-- EXERCISE BRIEF --
Output every entry below exactly, without its pictures.

-- DATA RECORDS --
☆ ☆ ☆

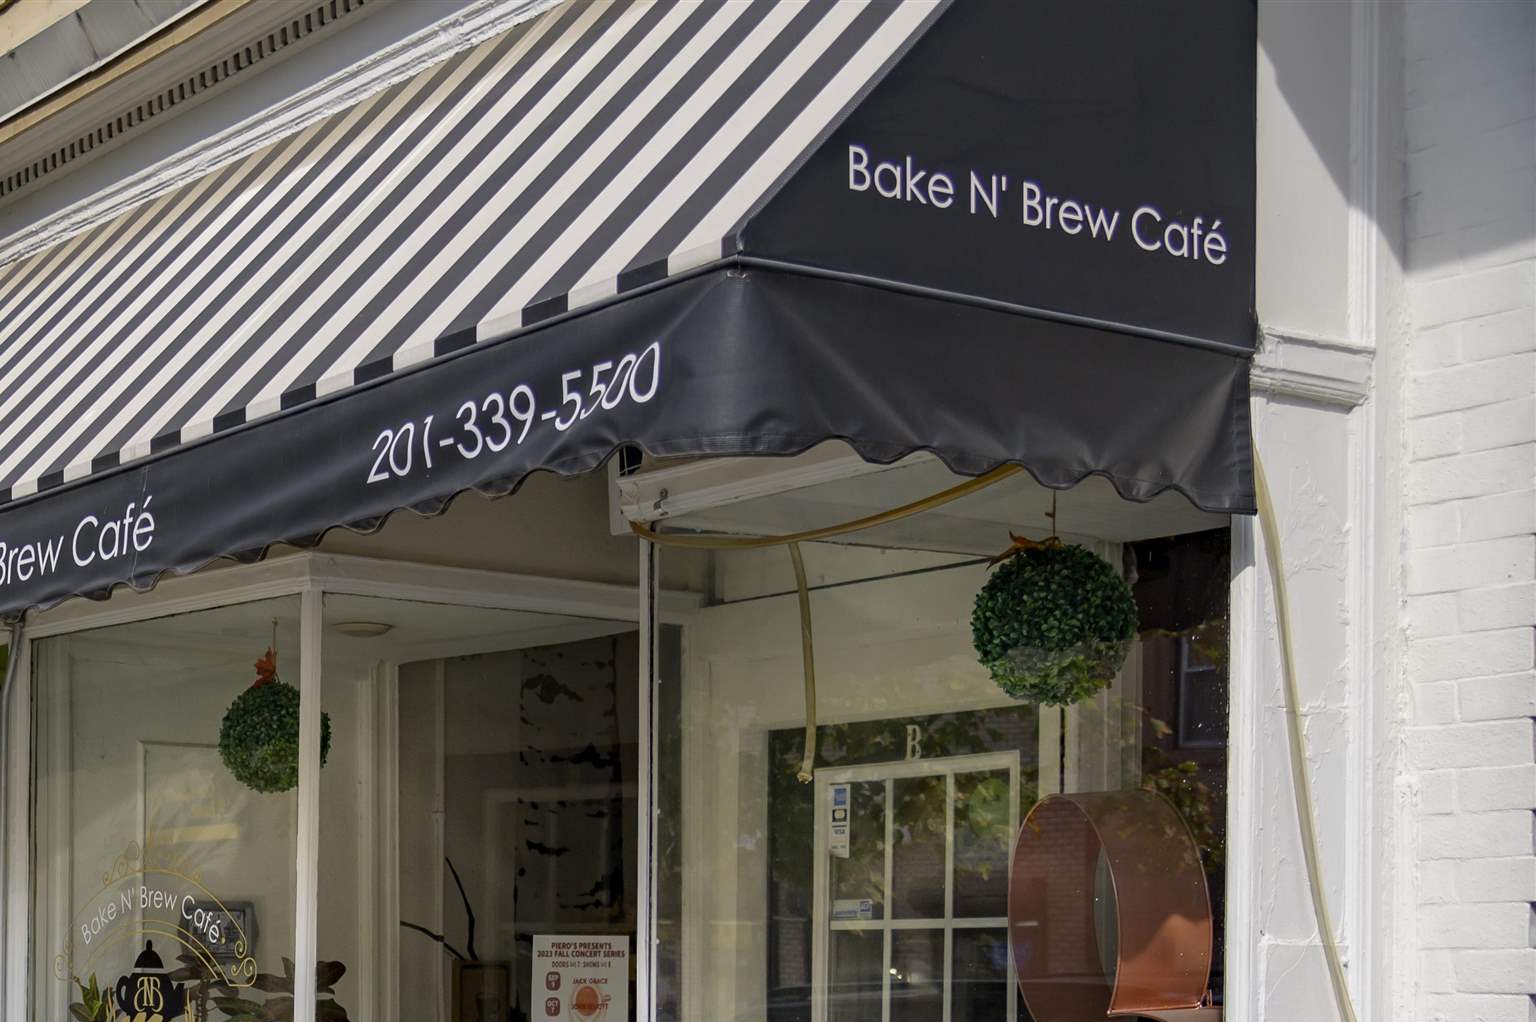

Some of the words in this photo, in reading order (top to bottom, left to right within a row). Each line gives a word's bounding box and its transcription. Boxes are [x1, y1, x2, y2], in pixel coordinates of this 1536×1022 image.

[848, 144, 955, 209] Bake
[970, 170, 1007, 219] N'
[1022, 181, 1120, 241] Brew
[1131, 206, 1227, 265] Café
[366, 341, 660, 484] 201-339-5500
[72, 495, 155, 567] Café
[81, 902, 116, 945] Bake
[120, 888, 135, 914] N'
[140, 886, 178, 911] Brew
[181, 895, 220, 943] Café
[579, 942, 612, 950] PRESENTS
[537, 950, 553, 958] 2023
[554, 950, 570, 958] FALL
[571, 950, 602, 958] CONCERT
[603, 950, 625, 958] SERIES
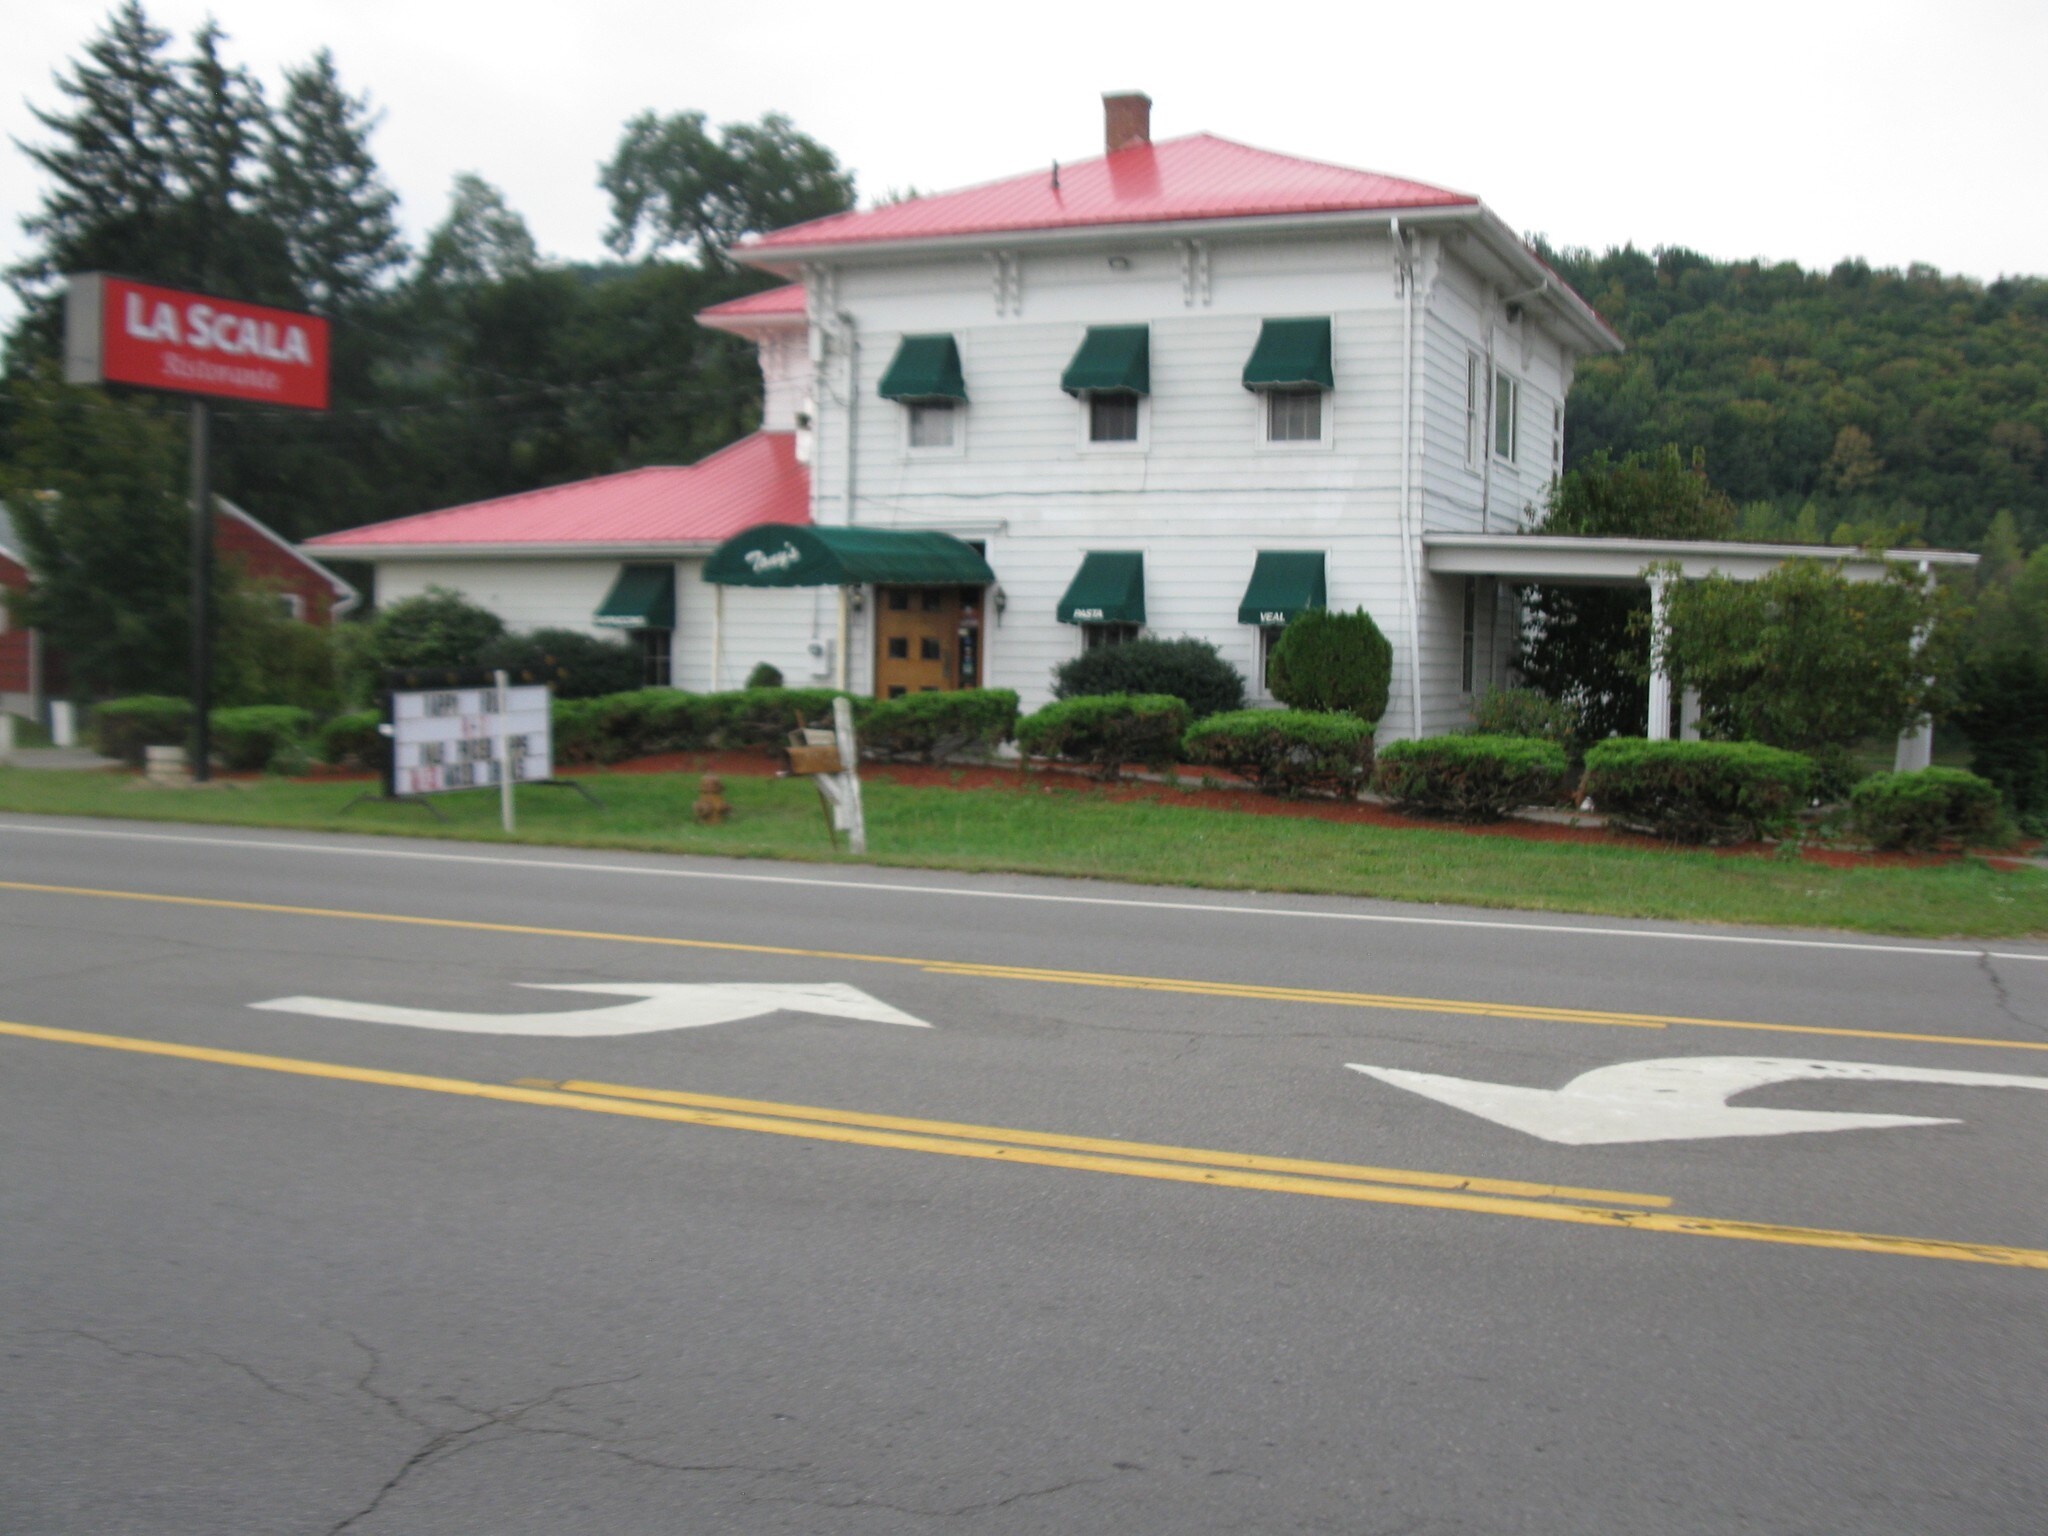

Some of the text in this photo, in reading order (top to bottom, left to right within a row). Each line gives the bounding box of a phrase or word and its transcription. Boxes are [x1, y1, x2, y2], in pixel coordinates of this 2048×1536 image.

☆ ☆ ☆

-- EXERCISE ANSWER --
Some of the words in this photo, in reading order (top to bottom, left to right within a row). Each line gives a word's bounding box and its transcription. Boxes are [x1, y1, x2, y2], in pixel coordinates of this 1536×1022 image.

[848, 144, 955, 209] Bake
[970, 170, 1007, 219] N'
[1022, 181, 1120, 241] Brew
[1131, 206, 1227, 265] Café
[366, 341, 660, 484] 201-339-5500
[72, 495, 155, 567] Café
[81, 902, 116, 945] Bake
[120, 888, 135, 914] N'
[140, 886, 178, 911] Brew
[181, 895, 220, 943] Café
[579, 942, 612, 950] PRESENTS
[537, 950, 553, 958] 2023
[554, 950, 570, 958] FALL
[571, 950, 602, 958] CONCERT
[603, 950, 625, 958] SERIES

Some of the text in this photo, in reading order (top to bottom, left to right within a row). Each line gives the bounding box of a phrase or word and its transcription. Boxes are [x1, y1, x2, y2], in pixel coordinates of this 2048×1536 image.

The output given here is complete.